(Saved data entries)
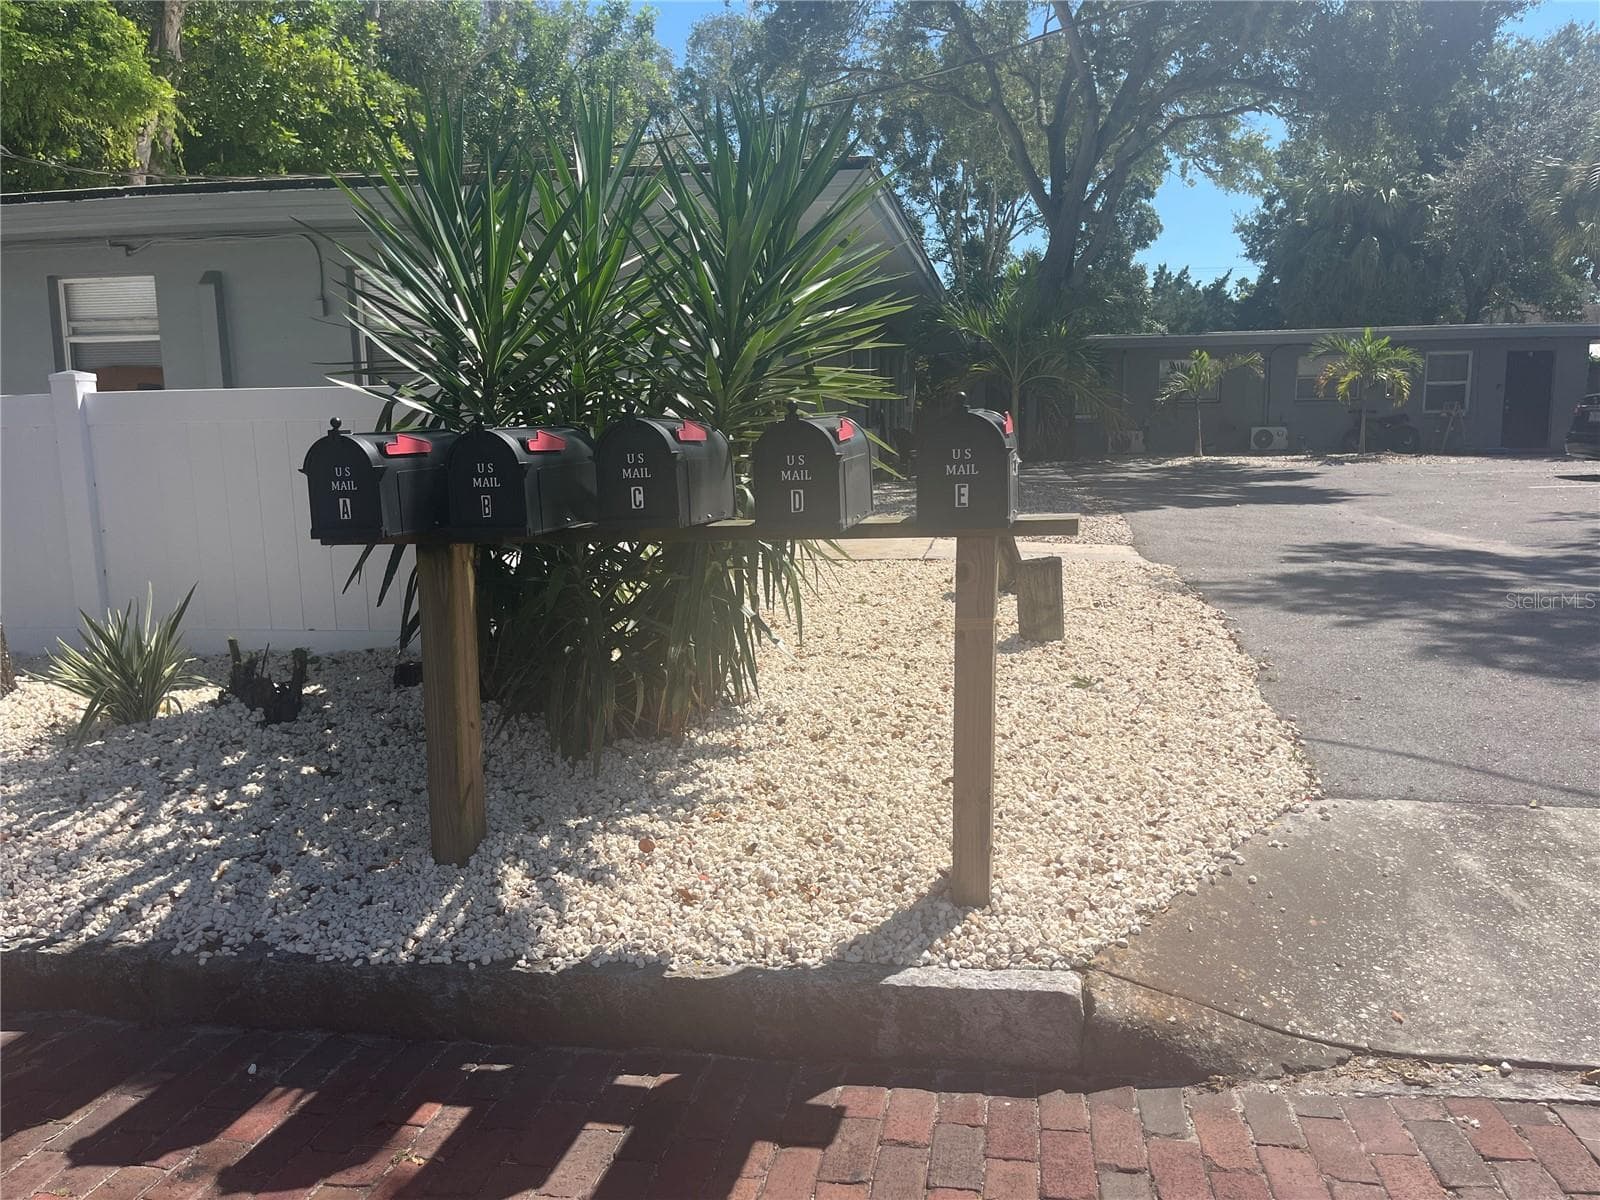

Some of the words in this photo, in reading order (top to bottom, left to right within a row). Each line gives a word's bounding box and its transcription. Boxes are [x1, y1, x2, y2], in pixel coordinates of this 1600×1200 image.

[622, 468, 651, 478] MAIL
[782, 470, 812, 480] MAIL
[946, 464, 978, 475] MAIL
[332, 480, 358, 490] MAIL
[473, 478, 500, 488] MAIL
[632, 488, 643, 508] C
[792, 490, 802, 512] D
[956, 484, 968, 506] E
[340, 499, 350, 518] A
[482, 496, 490, 516] B
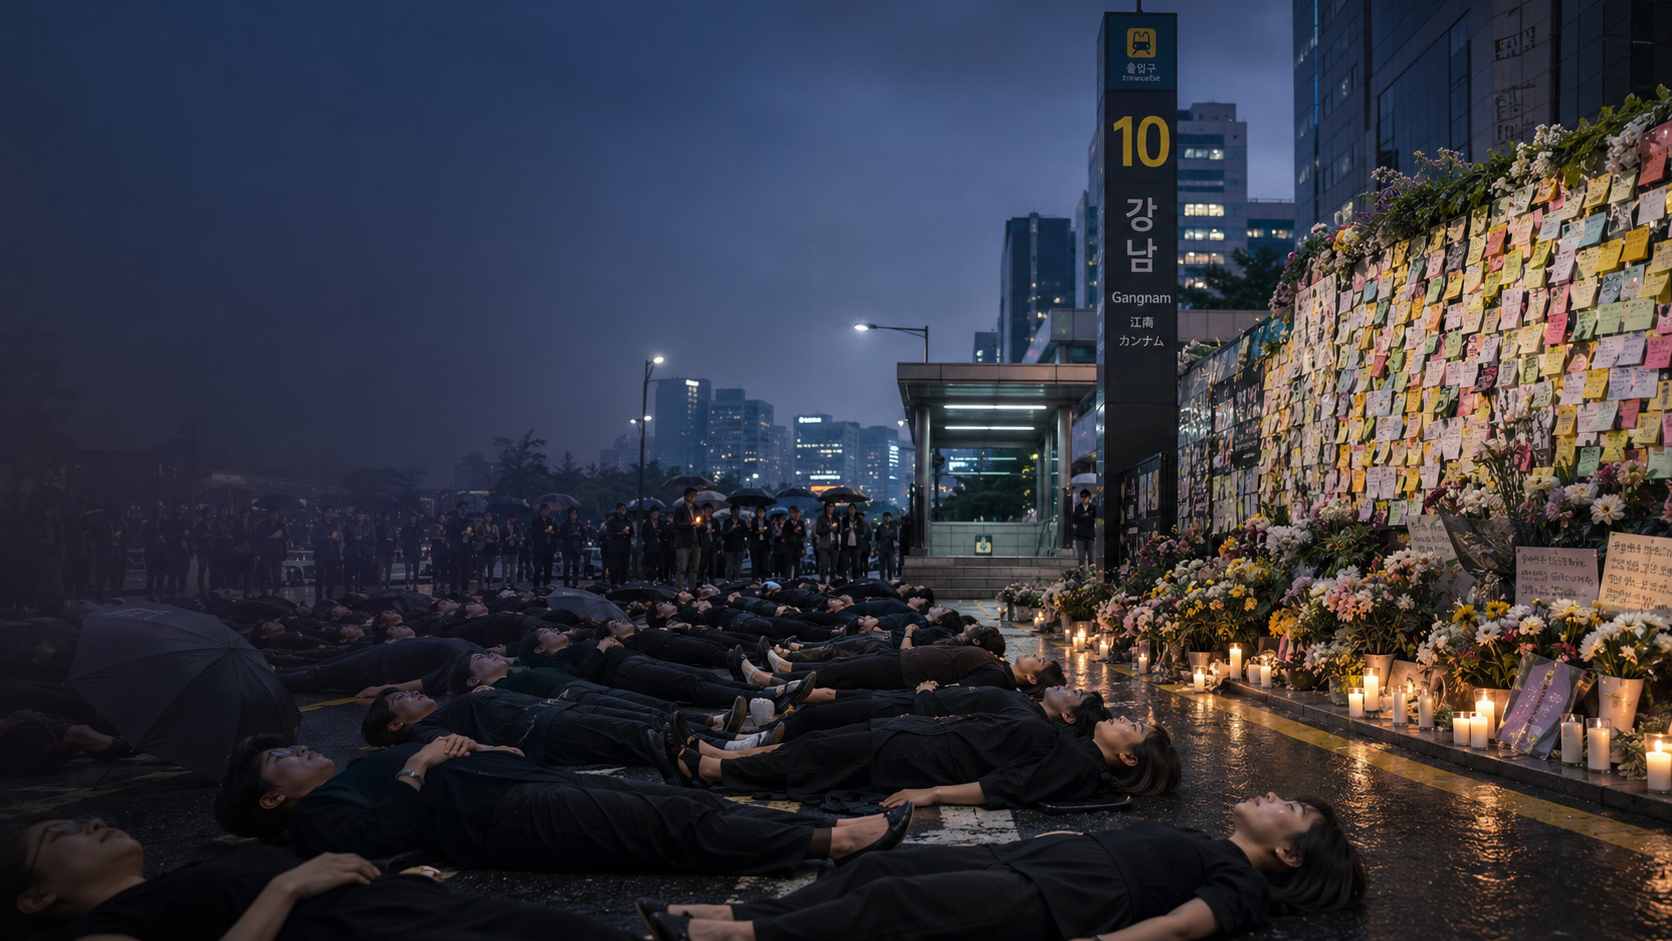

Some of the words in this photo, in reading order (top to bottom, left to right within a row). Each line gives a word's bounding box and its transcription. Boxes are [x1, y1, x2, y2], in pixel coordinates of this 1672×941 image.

[1112, 115, 1170, 168] 10
[1112, 292, 1172, 307] Gangnam
[1119, 335, 1165, 347] カンナム

-- What to produce --
What is needed is an exact repetition of every entry, without the pictures.

-- Finished task --
Some of the words in this photo, in reading order (top to bottom, left to right within a row). Each line gives a word's bounding box and its transcription. Boxes are [x1, y1, x2, y2], in pixel coordinates of this 1600×1200 image.

[622, 468, 651, 478] MAIL
[782, 470, 812, 480] MAIL
[946, 464, 978, 475] MAIL
[332, 480, 358, 490] MAIL
[473, 478, 500, 488] MAIL
[632, 488, 643, 508] C
[792, 490, 802, 512] D
[956, 484, 968, 506] E
[340, 499, 350, 518] A
[482, 496, 490, 516] B

Some of the words in this photo, in reading order (top to bottom, left to right within a row). Each line gives a word's bounding box and its transcription. Boxes are [x1, y1, x2, y2], in pixel coordinates of this 1672×941 image.

[1112, 115, 1170, 168] 10
[1112, 292, 1172, 307] Gangnam
[1119, 335, 1165, 347] カンナム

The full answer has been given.